Par une assignation délivrée les 1er, 2 et 3 avril 2025 devant Mme la Présidente du tribunal judiciaire D’ANGOULEME statuant en référé, la SNC CHARENTE 1 sollicite au visa des articles 145 du code de procédure civile et suivants et 835 du code de procédure civile et suivants la condamnation solidaire de Mme [E] [W] née [N] représentée par sa mandataire Mme [B] [O], Mme [L] [N] et M. [H] [N] à ce qu’ils procèdent aux travaux de dépose et de reconstruction de la toiture, charpente, couverture et zinguerie (cheneaux, solins, gouttières, descentes) sis [Adresse 5] à [Localité 9] et ce sous astreinte de 300 € par jour de retard courant un mois après la signification des présentes, outre leur condamnation solidaire à une indemnité pour frais irrépétibles de 2000 €.
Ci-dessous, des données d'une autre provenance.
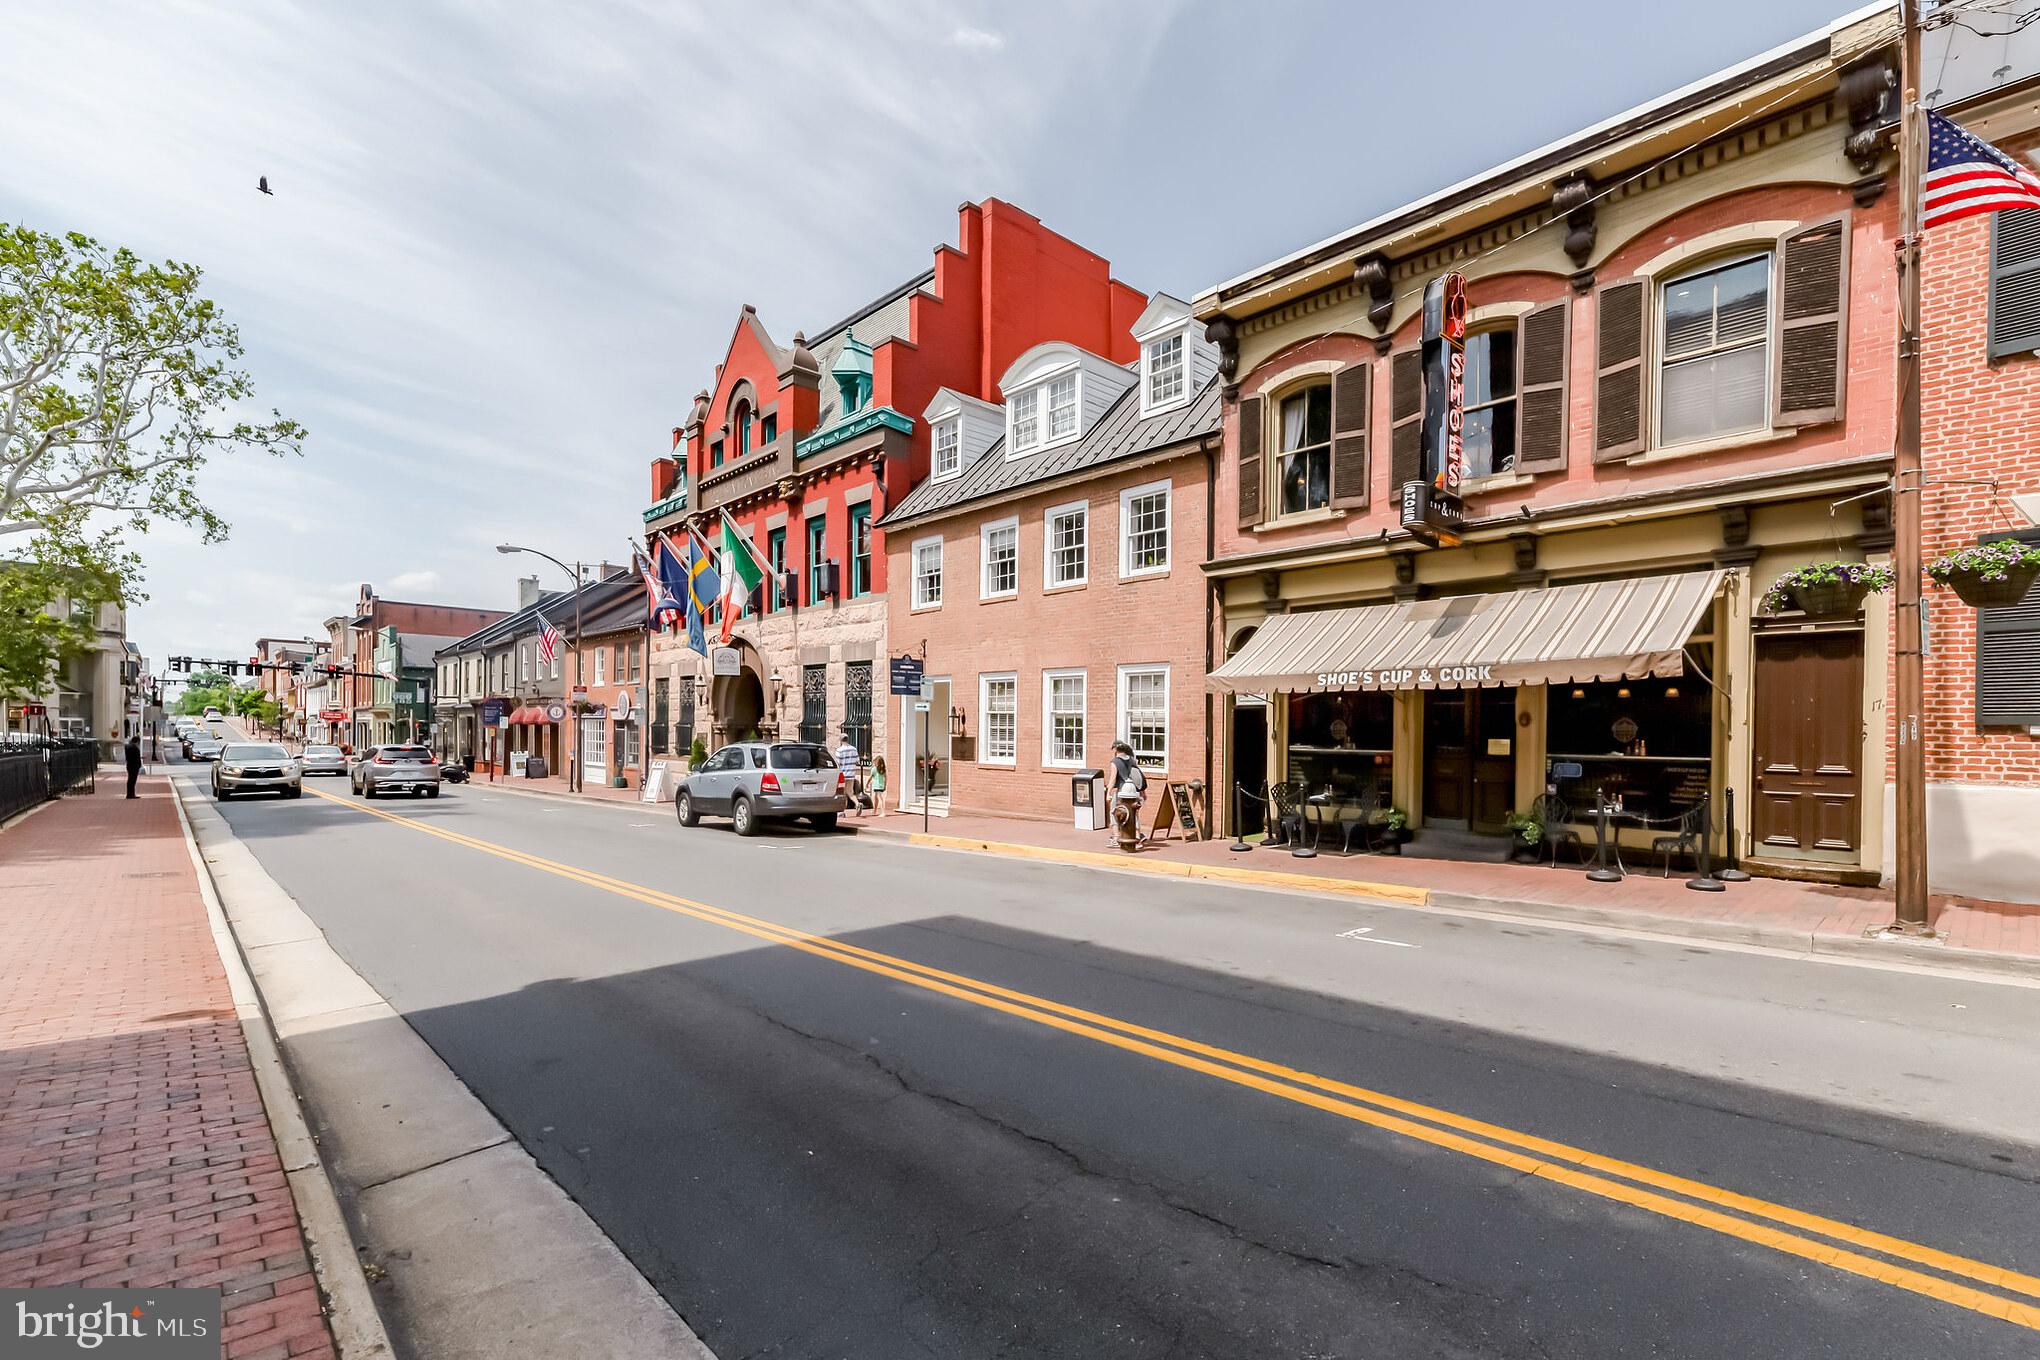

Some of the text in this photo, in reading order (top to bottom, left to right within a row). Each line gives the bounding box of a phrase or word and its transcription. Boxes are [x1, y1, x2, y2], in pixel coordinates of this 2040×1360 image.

[1448, 352, 1466, 487] SHOES
[1404, 486, 1416, 521] SHOES
[1441, 502, 1448, 517] &
[1317, 665, 1491, 686] SHOE'S CUP & CORK
M. [H] [N] étant décédé le [Date décès 3] 2025, l’affaire a fait l’objet de plusieurs renvois jusqu’à l’audience du 25 juin 2025 à laquelle elle a été plaidée, puis mise en délibéré au 20 août 2025.
Pour un plus ample exposé des moyens et prétentions des parties, il est renvoyé à leurs écritures régulièrement signifiées, et ce en application de l’article 455 du code de procédure civile.
MOTIFS
Sur l’exception d’incompétence soulevée par Mme [L] [N]
Mme [L] [N] soulève in limine litis l’incompétence du juge des référés du tribunal judiciaire D’ANGOULEME au profit du tribunal administratif D’ANGOULEME, Mme [E] [N] représentée par Mme [O] s’en rapportant sur ce point, sauf à voir désigner le tribunal administratif de Poitiers.
[L] [N] fait ainsi valoir qu’une procédure de mise en sécurité est en cours à l’initiative de la mairie d'[Localité 9] qui a pris des mesures urgentes concernant l’immeuble litigieux, et que par ordonnance de référé du 28 février 2025, le tribunal administratif de POITIERS a nommé un expert qui a rendu son rapport le 7 mars 2025 en préconisant deux types de travaux. Suivant arrêté du 11 mars 2025, M. Le maire D'[Localité 9] a ordonné la réalisation par les propriétaires de l’immeuble sis [Adresse 5] de divers travaux. Mme [N] soutient ainsi que le juge judiciaire n’est pas compétent pour statuer sur la procédure de mise en sécurité qui relève exclusivement des juridictions administratives.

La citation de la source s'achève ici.